Edmond Muho
Edmond Muho

Reputation: 19

How to improve the speed of this code with double loops in Matlab? Is it possible?

Dear community of stack overflow. Is it possible to improve the speed of this code in Matlab? Can I use vectorization? Note that I have to use in every loop the "vpasolve" or "fsolve" function.
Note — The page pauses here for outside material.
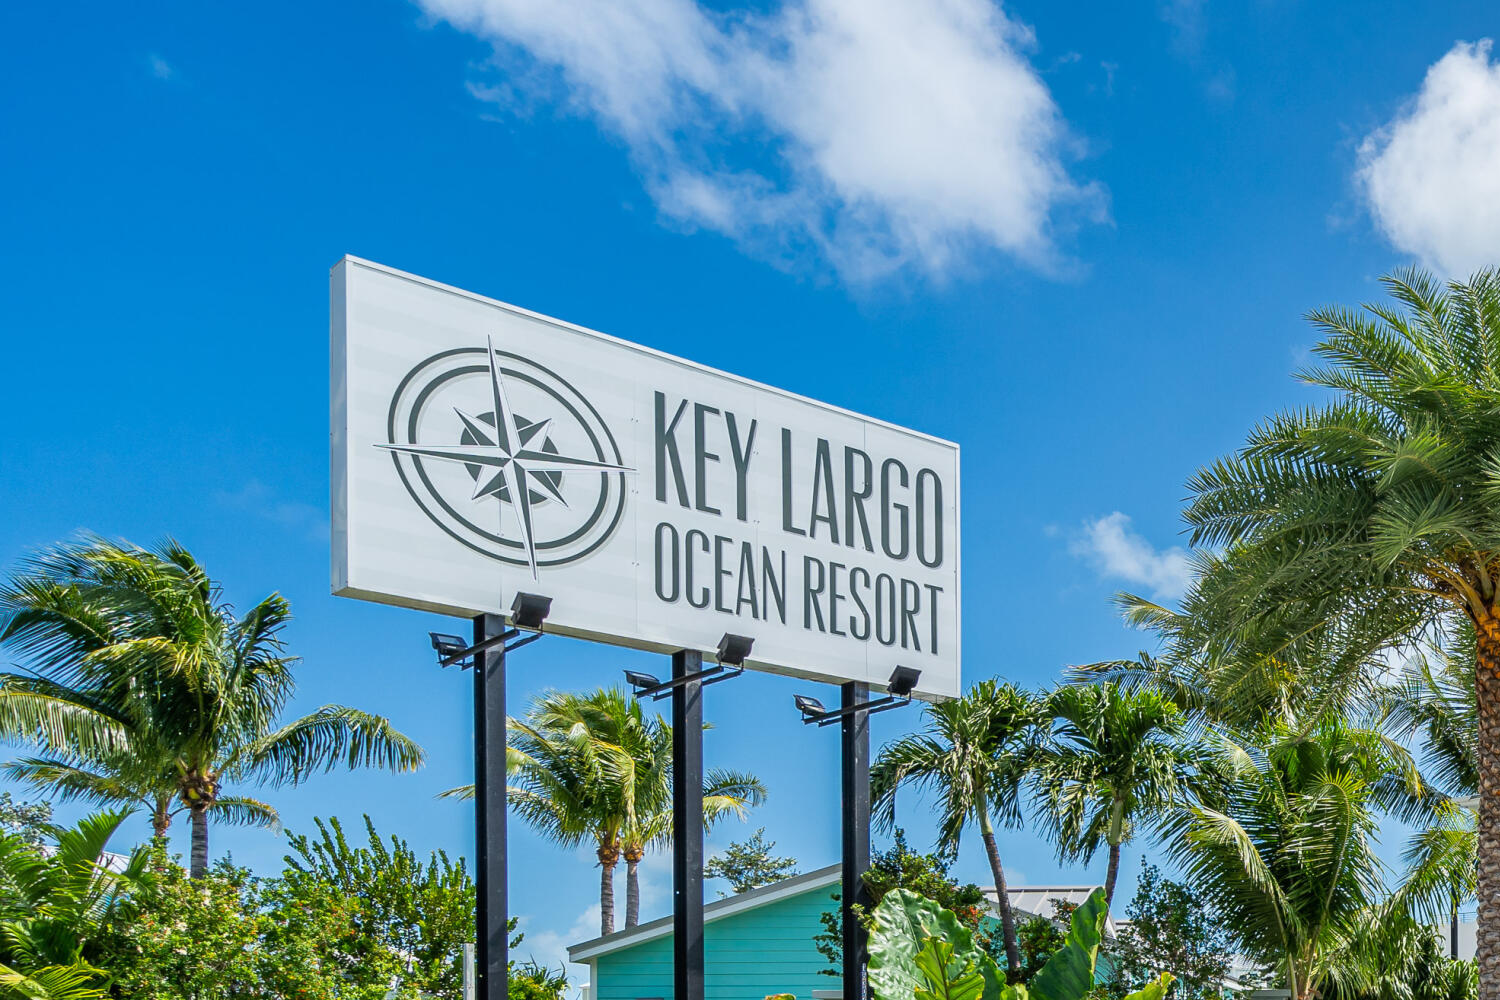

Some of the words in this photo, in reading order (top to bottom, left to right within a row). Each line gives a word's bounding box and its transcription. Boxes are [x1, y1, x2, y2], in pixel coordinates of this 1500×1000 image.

[654, 390, 758, 522] KEY
[781, 427, 944, 569] LARGO
[654, 521, 786, 626] OCEAN
[803, 555, 944, 656] RESORT
Here is the code which calls the function with a double loop:

   for i=1:1000
        for j=1:1000
            SilA(i,j)=SolW(i,j);  
        end
    end 

Here is the function which is called by the above code. Can I vectorize the input of w, xi and make the code run faster?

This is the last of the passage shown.